I’m back! It’s been a very busy Summer here at the Hagen History Center as we once again welcome the public to our beautiful facilities. If you haven’t had a chance to visit the Watson-Curtze mansion, New Exhibit Building with Frank Lloyd Wright’s field office, and the Wood-Morrison house, now is the time. We also hosted a great group of middle school students for a week of History Camp! I need a rest! But, before I do, I want to write about another building here on West 6th Street’s “Millionaire’s Row” that most of us have driven by for years.
Many of you have commented to us here at the History Center about the wonderful work being done on so many of the old homes surrounding our campus. Led by Mr. Tom Hagen, these old mansions are being beautifully restored and given new life as either apartments or businesses. The Erie community is thrilled and so are we who work on this wonderful street.
One building which has caught my attention and not part of the current renovation is on the Gannon campus and is pictured below.
It was the home of Matthew Henry and Clara Taylor, built sometime between 1888-1890. Mr. Taylor (no relation to Gannon President Keith Taylor to my knowledge) could have been straight from a Horatio Alger story of “rags to riches”. He began working for the Pennsylvania Railroad at the age of 16 working as a timekeeper (someone who tallied worker’s pay and submitted them to payroll) in the Altoona, Pennsylvania shops. Matthew moved to Erie in 1866 and served as a paymaster under Col. J.J. Lawrence, the superintendent of the Erie & Pittsburg Railroad Company. He then briefly moved to St. Thomas, Ontario to become treasurer of the Canada Southern Railroad then back to Erie to become treasurer and later president of the Youghiogheny River Coal Company. By 1897, he was president of the W.L Scott Company of Erie, which was involved with the mining and transportation, by rail, of coal.

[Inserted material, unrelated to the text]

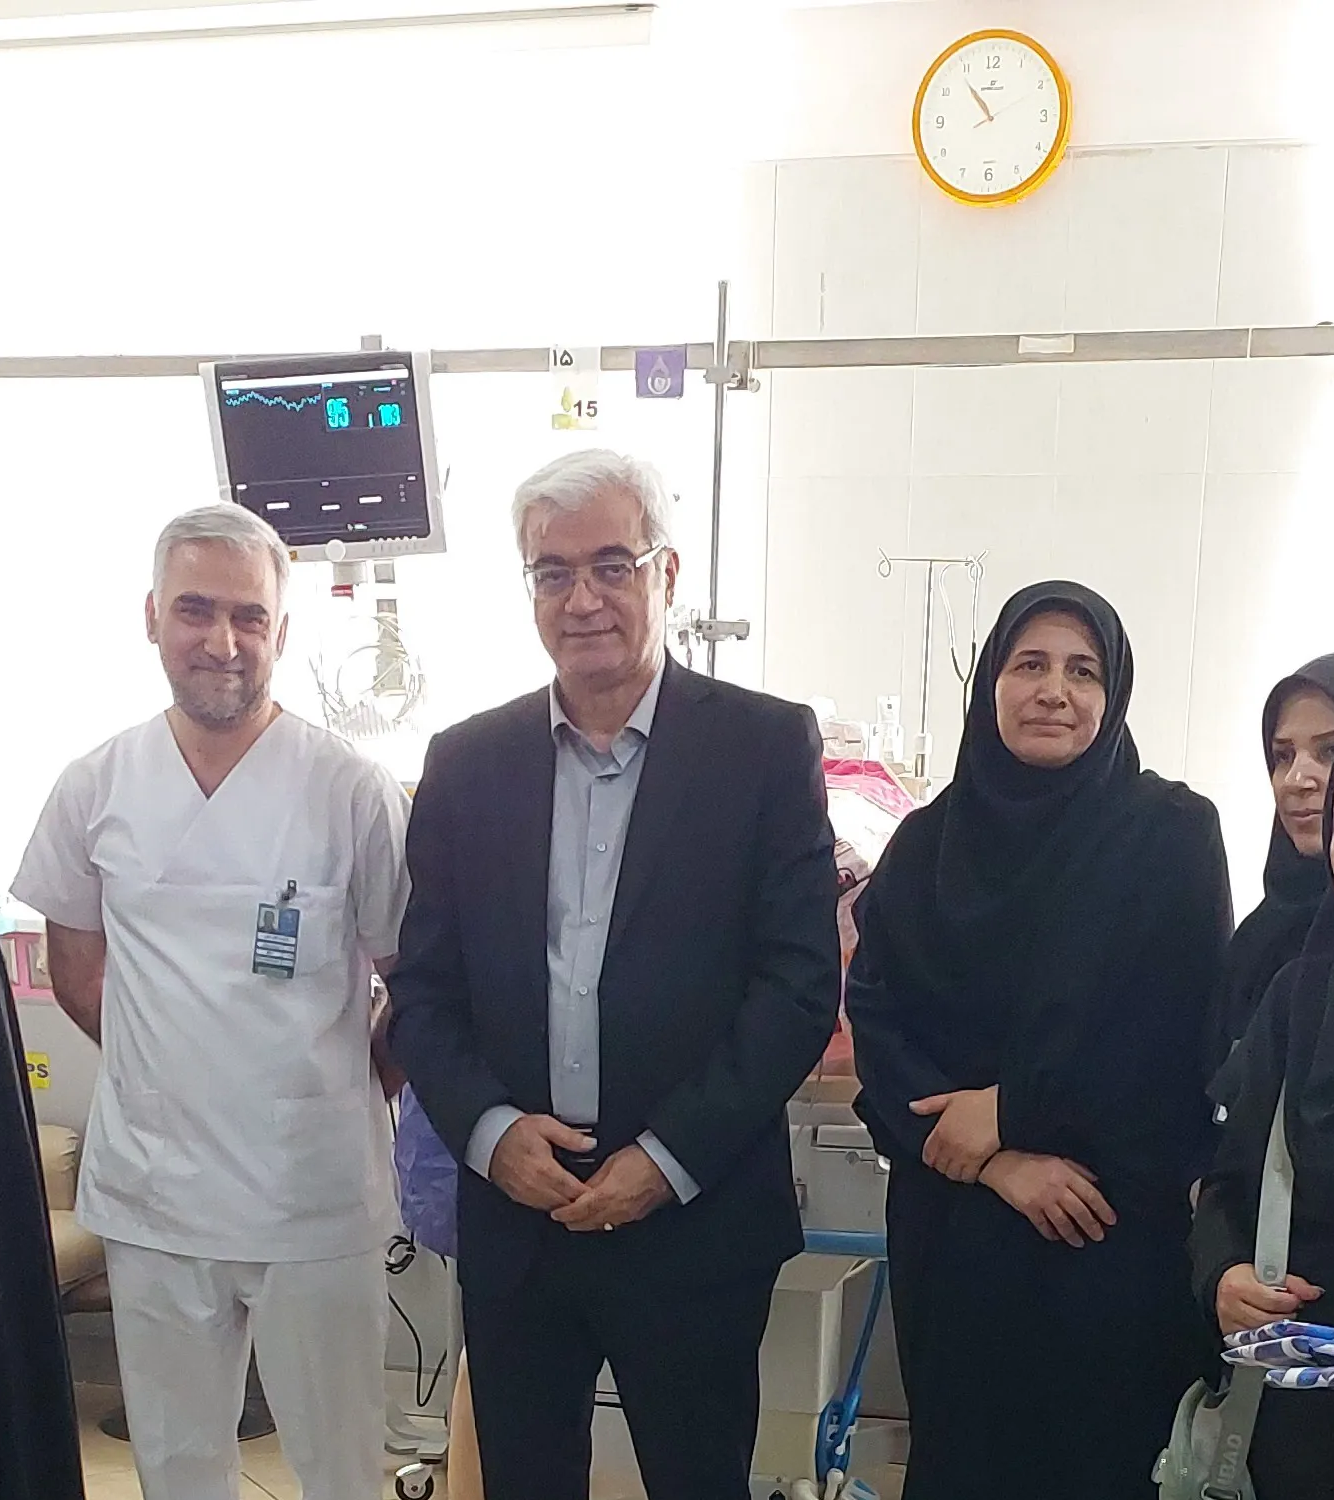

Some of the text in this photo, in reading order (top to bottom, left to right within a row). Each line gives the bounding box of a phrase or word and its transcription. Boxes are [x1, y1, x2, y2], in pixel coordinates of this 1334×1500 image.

The Taylor mansion is built in the same architectural style as the Watson-Curtze mansion (part of the Hagen History Center) and the Strong mansion which is now Gannon’s “Old Main”. This Richardson Romanesque style is named after the architect Henry Robson Richardson (1838-1886), considered to be one of the three greatest American architects of all time. The other two notables are Louis Sullivan and Frank Lloyd Wright. The features that create this style are a sense of weight and massiveness, rock faced masonry, straight topped windows, arched porches, steep gabled wall dormers, towers with pyramidal roofs and prominent chimneys.
When Matthew, Clara and their three children moved into their home in 1891, they owned a telephone, one out of only 239,000 phones in the US at the time. Strangely, I found out their telephone number was 409. In addition to this beautiful home, they owned 190 acres of land in Fairview Township known as the White Swan Farm. When Matthew died in 1923, he was worth a bit over $4 million, which translates to $61,650,651.00 today.
In 1944 the decision was made to donate the building to the American Red Cross with the agreement that the building had to be occupied by them for 40 years. The Red Cross outgrew the building and after 40 years it was sold to real estate developer Lou Porreco. Mr. Porreco hoped to open a Victorian-styled restaurant, which never happened. In 2004, Gannon University purchased the building to serve as office space for graduate admissions, financial aid, as well as other services.
Many thanks to the Gannon employees at the Taylor mansion who allowed me to wander through their workplace to take photos, and for sharing the history of the building. I wish continued long life for the mansion and thank it for bringing me happiness every time I drive or walk by!